Here's what I've learned: the market didn't kill my projects. I did. Slowly. With stories I told myself that felt completely reasonable at the time.
"I know what my users need"
Spoiler: I didn't. I assumed my problem was everyone's problem. I collected nods and called them validation. I never actually asked the uncomfortable question — what does your day look like and what makes you want to quit? I built the answer to a question nobody asked me.
"I'll be live and making money in six months"
I've said this three times now. With three different products. I am currently at month twenty-something with AiduxCare, the product works, real users are using it, and I am nowhere near where I thought I'd be by now. Multiply your timeline by three. Then add six months. You're getting closer.
"This is different because I really understand the problem"

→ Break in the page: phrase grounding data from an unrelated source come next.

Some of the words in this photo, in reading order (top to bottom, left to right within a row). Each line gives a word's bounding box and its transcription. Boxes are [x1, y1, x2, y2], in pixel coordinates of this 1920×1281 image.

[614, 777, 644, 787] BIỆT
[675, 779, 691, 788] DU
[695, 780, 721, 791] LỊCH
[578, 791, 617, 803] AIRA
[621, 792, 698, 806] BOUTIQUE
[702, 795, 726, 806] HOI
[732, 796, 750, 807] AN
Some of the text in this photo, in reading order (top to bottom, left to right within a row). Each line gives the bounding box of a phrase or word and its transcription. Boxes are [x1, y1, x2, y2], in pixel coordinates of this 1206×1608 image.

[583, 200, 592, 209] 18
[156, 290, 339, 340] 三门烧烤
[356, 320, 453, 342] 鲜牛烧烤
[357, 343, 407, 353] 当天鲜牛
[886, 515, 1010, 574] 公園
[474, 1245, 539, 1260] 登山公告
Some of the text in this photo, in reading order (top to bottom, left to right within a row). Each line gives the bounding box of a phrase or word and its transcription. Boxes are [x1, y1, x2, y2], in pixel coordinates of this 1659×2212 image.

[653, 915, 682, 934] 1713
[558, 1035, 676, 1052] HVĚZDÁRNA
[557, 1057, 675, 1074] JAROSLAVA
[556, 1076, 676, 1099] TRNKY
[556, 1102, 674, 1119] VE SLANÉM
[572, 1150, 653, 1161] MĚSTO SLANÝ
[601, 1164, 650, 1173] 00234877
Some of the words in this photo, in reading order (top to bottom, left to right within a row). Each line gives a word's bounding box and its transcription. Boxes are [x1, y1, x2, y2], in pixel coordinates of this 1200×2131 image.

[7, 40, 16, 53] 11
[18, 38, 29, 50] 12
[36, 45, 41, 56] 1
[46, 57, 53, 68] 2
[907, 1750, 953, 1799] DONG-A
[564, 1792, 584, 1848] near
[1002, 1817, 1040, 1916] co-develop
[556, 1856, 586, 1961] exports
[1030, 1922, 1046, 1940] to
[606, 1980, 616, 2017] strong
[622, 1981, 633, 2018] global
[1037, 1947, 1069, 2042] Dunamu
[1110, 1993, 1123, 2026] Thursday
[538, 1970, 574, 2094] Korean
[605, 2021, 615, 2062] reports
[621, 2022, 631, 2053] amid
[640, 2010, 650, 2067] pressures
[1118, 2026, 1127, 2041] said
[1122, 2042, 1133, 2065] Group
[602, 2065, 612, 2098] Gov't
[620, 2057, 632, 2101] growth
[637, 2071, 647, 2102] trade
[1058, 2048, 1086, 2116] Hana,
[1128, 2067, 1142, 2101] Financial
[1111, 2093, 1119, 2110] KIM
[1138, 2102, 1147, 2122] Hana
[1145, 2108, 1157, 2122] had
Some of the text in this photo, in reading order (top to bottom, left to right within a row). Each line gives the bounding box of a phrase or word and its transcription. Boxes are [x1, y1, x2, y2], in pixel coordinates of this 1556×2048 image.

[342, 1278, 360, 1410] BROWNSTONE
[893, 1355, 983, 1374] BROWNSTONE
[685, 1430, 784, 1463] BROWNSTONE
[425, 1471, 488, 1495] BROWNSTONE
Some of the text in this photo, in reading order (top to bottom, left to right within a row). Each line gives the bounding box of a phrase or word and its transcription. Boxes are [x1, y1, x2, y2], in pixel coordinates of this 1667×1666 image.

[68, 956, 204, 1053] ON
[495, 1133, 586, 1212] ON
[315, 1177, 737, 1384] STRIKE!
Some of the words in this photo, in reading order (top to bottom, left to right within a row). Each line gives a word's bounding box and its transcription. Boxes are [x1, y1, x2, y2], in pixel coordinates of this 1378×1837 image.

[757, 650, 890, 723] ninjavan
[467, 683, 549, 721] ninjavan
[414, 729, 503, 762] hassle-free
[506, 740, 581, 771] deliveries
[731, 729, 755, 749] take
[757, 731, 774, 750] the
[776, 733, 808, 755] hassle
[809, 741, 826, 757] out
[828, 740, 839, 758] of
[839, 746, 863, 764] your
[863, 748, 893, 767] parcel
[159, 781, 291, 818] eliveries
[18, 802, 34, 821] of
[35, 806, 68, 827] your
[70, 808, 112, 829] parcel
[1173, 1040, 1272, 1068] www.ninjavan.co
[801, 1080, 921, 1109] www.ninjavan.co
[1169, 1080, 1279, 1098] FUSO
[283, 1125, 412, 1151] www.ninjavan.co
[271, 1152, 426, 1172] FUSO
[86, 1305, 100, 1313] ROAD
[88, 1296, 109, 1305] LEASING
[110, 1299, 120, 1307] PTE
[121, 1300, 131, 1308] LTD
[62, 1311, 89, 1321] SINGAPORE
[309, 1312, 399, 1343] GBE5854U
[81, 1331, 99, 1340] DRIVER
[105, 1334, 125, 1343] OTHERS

I'm a physiotherapist building a tool for physiotherapists. How could I be wrong? Turns out, understanding the clinical problem and understanding what someone will actually pay for are two completely different things. I found that out the hard way.
The one I'm still carrying
Planning optimism. I know it's there. I can see it. And I still can't stop doing it. This week I'm launching a pilot in Spain and I'm already mentally calculating how fast it'll grow. My track record says I'm wrong. My gut says this time is different.
It's probably not.
What's the bias you know you have but can't shake?